It was the location of bridges that determined the course of roads and stimulated their growth. During the 13th century there was a change from the idea of a road that simply went to the local market to the idea of a network serving the whole kingdom. This was stimulated by increasing trade, new ports and the economic activities of castles, cathedrals and monasteries. However, most importantly, towns could not grow without bridges and roads. Horse transport and a road and bridge network supported the rapid growth of towns such as London and Norwich that needed vast quantities of food, drink and firewood to survive. As a rough guide, a town of 3,000 people would need the produce of ten villages or over three square miles to support it, and all this had to be brought to town every day.17 Finally, the growth of an effective road network made it easier to transport building materials. The reliance on cheap but slow water transport decreased as faster horse-drawn wagons took over as the principal means of moving material round the countryside.18
Fig. 73 The medieval Exe Bridge, Exeter, Cornwall, built in 1200 through the efforts of Nicholas Gervaise, a wealthy merchant who was four times mayor of the city. Like many medieval bridges, it was endowed with property to provide an income for its upkeep.
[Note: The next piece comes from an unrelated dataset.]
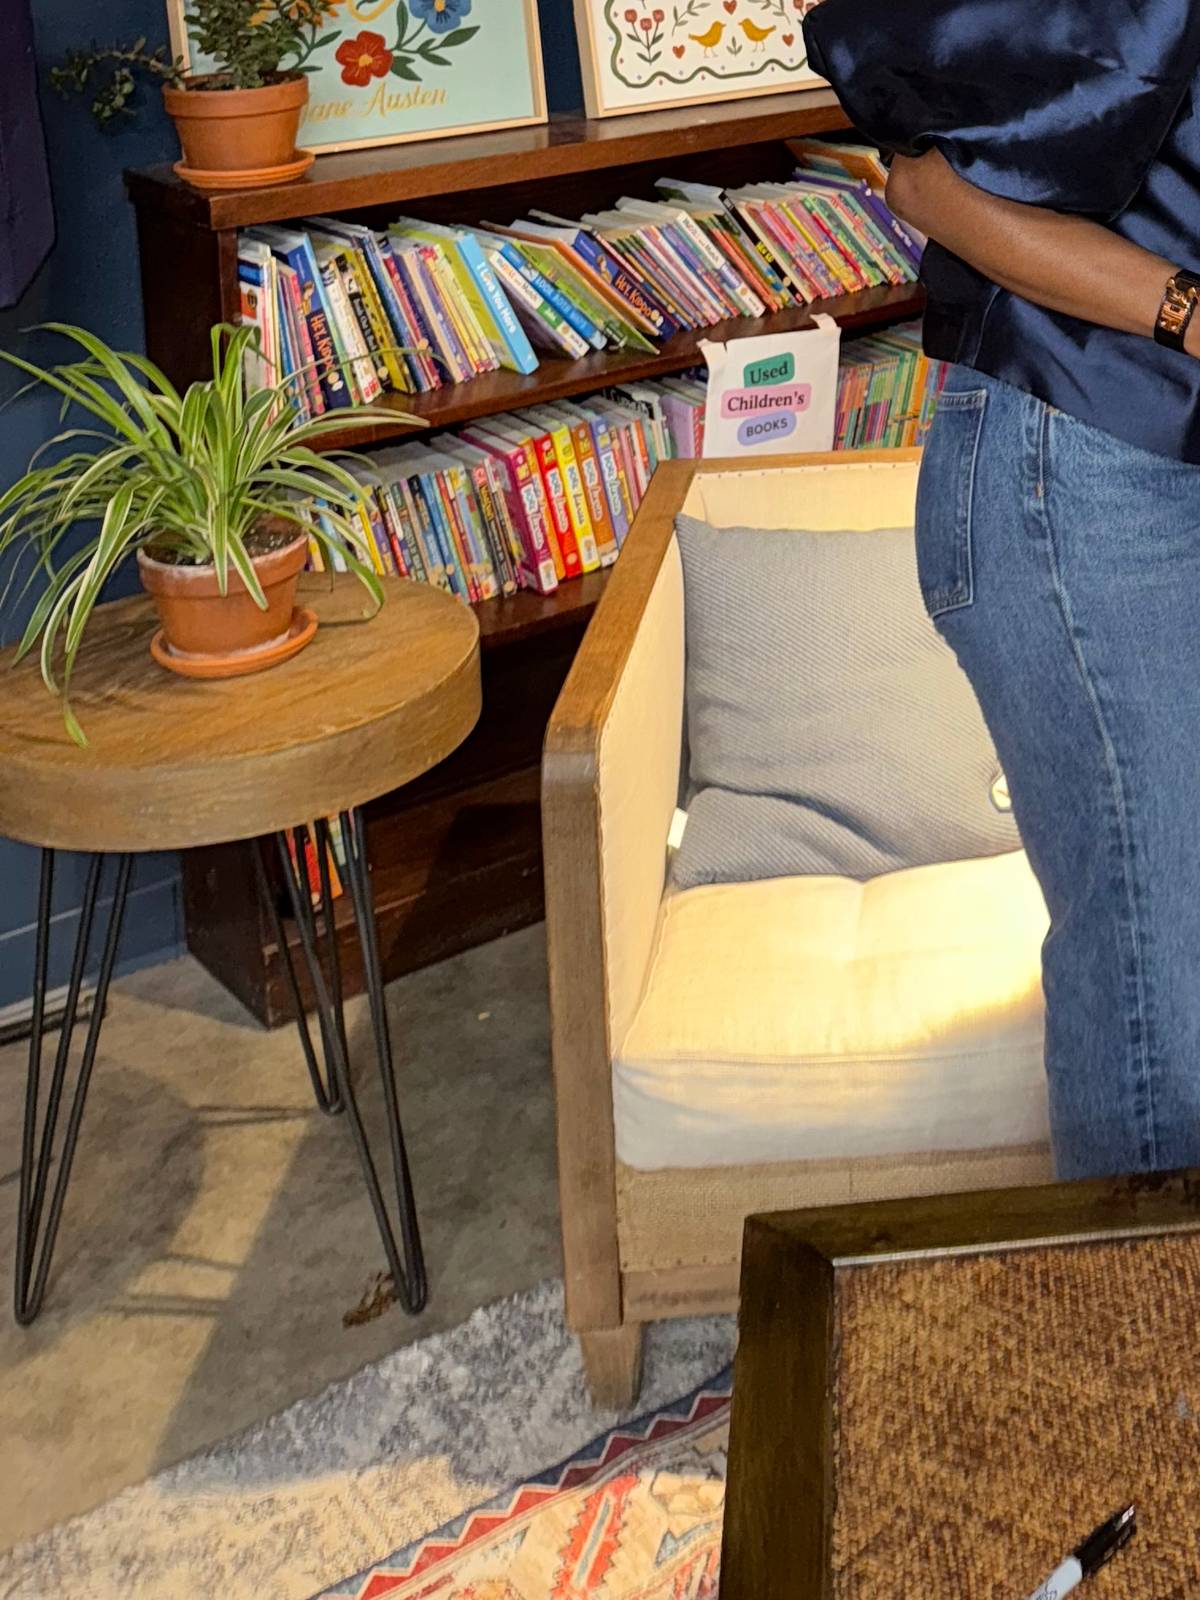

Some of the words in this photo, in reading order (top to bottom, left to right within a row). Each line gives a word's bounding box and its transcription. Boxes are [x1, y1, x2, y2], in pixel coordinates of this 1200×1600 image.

Fig. 74 Thomas Hearne, view of Durham from the northeast c.1783. Elvet Bridge was rebuilt and extended in 1228 and incorporated St James’s and St Andrew’s Chapels, one at each end. In the background is the tower of the cathedral and, on a mound, the Castle Keep.
The Countryside
The Norman invaders came to exploit the English countryside. While they did not introduce a new system of social obligation on the population (Saxon lords had received all sorts of service from their dependants), the Conquest did result in the tightening and redefinition of the bonds of lordship. Norman landlords of the first generation were interested in labour obligations from their tenants, but later generations were more interested in cash from rents and fees, made possible by the fact that many tenants were generating a healthy cash surplus from agriculture by 1100. Villages were occupied by what we call peasants. The term is unfortunate as it gives the impression of poverty-stricken and down-trodden illiterates eking out a living from the soil. Villagers, who made up 80 per cent of the population, were in fact smallholders farming anything between 5 and 40 acres. Half held their land in villeinage; that is to say they owed their landlord payment, labour services and required permission to marry. The rest were freemen, who often had smaller landholdings. Villeins and freemen alike cooperated in the common-field system, where it existed (p. 54), but were also engaged in market activities: buying, selling and making money. By the 1180s the economic stability of the richer peasants started having an impact on the places in which they lived. This impact varied hugely across the country and even between adjacent villages. Dwellings were normally set in a banked or hedged toft of about a quarter acre within this (fig. 26). In some parts of the country – particularly the south-west – a single building or long house contained space at one end for people and at the other for animals. This arrangement was becoming less common by the 13th century; by then most tofts in the midlands and the south-east had a principal cottage grouped with a barn or granary and sometimes a byre. Richer peasants might also have a separate kitchen, a freestanding bake-house and even a dovecot or cart-house.
The crucial development in the period between about 1180 and 1320 was the introduction of various types of foundation, either for the full length of a building or just for its principal posts. The abandonment of earth-fast building (posts sunk in the ground) over most of England opened up the possibility for a variety of superstructures that in some parts of the country saw stone walls up to the eaves but more commonly saw a variety of timber structures resting on low or buried stone foundations. In the midlands, the west and north, most of these were crucks. A cruck is essentially an A-shaped truss made of large, slightly curving, timbers. A number of these could be erected on a timber base (or sole) plate and then be joined together at the top (ridge) and along their sloping side with beams called purlins (fig. 75a).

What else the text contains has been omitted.